Having located "this 2212×1659 image." in the records below, repeat exactly the line it is on and all subsequent lines, ending with the last.

THE RECORDS below:

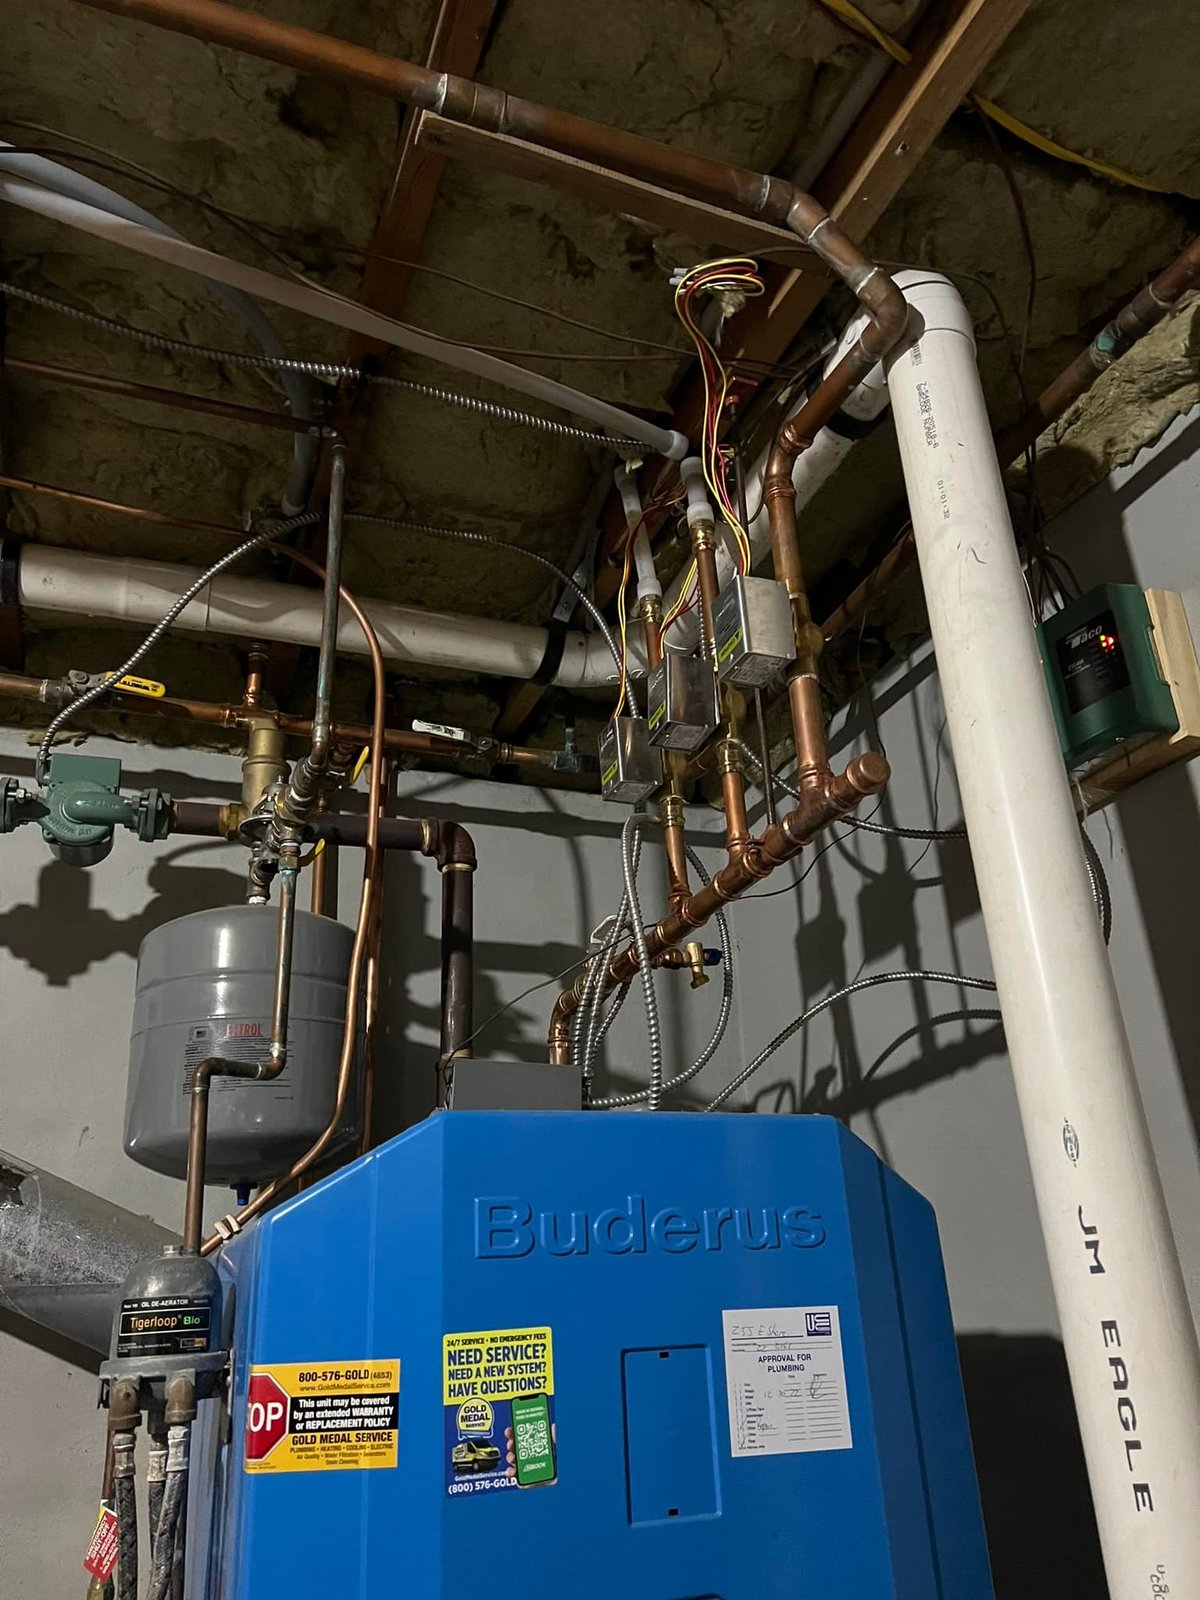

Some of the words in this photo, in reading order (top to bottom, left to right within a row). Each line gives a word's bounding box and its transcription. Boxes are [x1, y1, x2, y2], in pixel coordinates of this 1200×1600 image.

[474, 1194, 826, 1260] Buderus
[152, 1299, 188, 1307] DE-AERATOR
[446, 1339, 460, 1348] 24/7
[500, 1334, 532, 1342] EMERGENCY
[448, 1348, 482, 1366] NEED
[486, 1343, 546, 1363] SERVICE?
[758, 1354, 795, 1364] APPROVAL
[797, 1353, 812, 1361] FOR
[1078, 1205, 1106, 1274] JM
[1101, 1320, 1154, 1512] EAGLE
[448, 1368, 473, 1381] NEED
[475, 1367, 482, 1379] A
[484, 1365, 506, 1378] NEW
[508, 1362, 546, 1376] SYSTEM?
[768, 1364, 805, 1373] PLUMBING
[298, 1369, 370, 1382] 800-576-GOLD
[448, 1382, 478, 1398] HAVE
[480, 1376, 547, 1394] QUESTIONS?
[299, 1399, 314, 1408] This
[316, 1398, 332, 1408] unit
[332, 1398, 350, 1408] may
[350, 1396, 360, 1406] be
[362, 1396, 390, 1406] covered
[294, 1410, 303, 1420] by
[304, 1410, 314, 1419] an
[316, 1408, 350, 1418] extended
[352, 1406, 394, 1416] WARRANTY
[464, 1405, 486, 1414] GOLD
[296, 1422, 304, 1430] or
[306, 1419, 363, 1430] REPLACEMENT
[364, 1417, 391, 1428] POLICY
[460, 1413, 490, 1422] MEDAL
[292, 1434, 316, 1445] GOLD
[320, 1433, 352, 1444] MEDAL
[355, 1432, 392, 1443] SERVICE
[448, 1483, 473, 1495] (800)
[475, 1477, 518, 1490] 576-GOLD
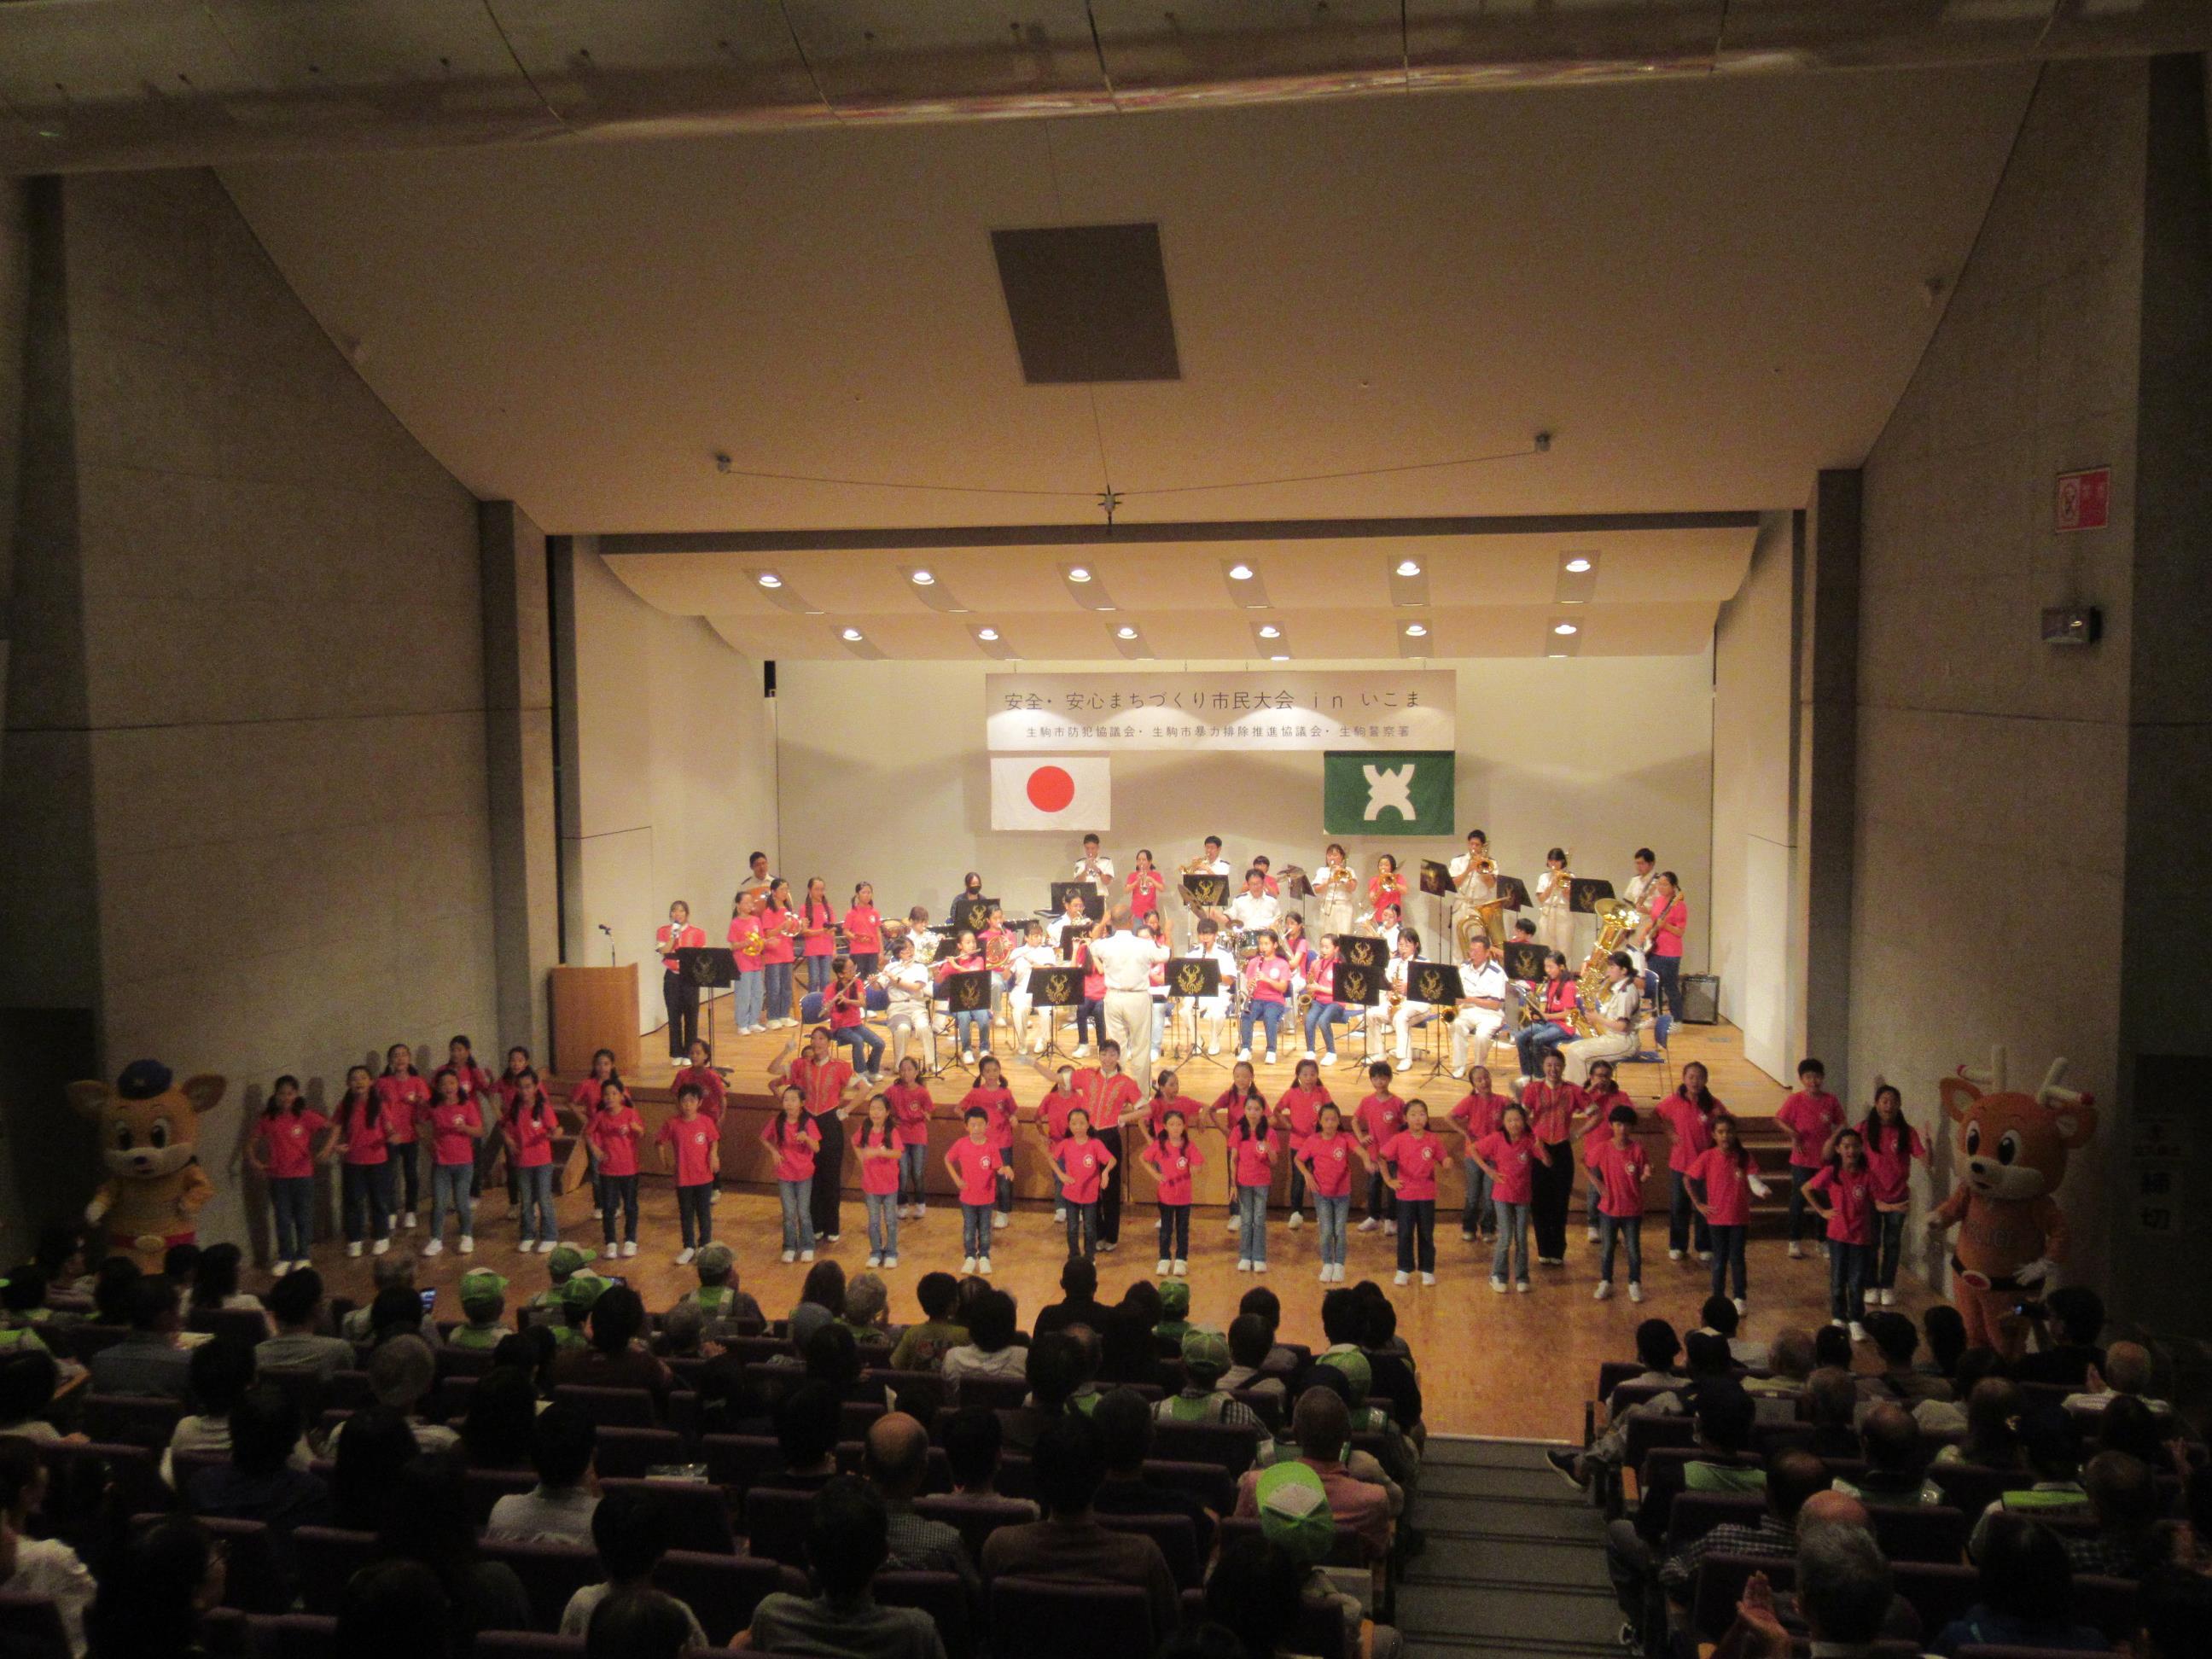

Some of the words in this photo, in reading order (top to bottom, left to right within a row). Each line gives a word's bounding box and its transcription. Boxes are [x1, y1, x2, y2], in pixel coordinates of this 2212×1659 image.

[1314, 691, 1342, 708] in
[1361, 691, 1419, 707] いこま

End of THE RECORDS.

■ TASK RESULT ■
Some of the words in this photo, in reading order (top to bottom, left to right within a row). Each line gives a word's bounding box and its transcription. Boxes are [x1, y1, x2, y2], in pixel coordinates of this 2212×1659 image.

[1314, 691, 1342, 708] in
[1361, 691, 1419, 707] いこま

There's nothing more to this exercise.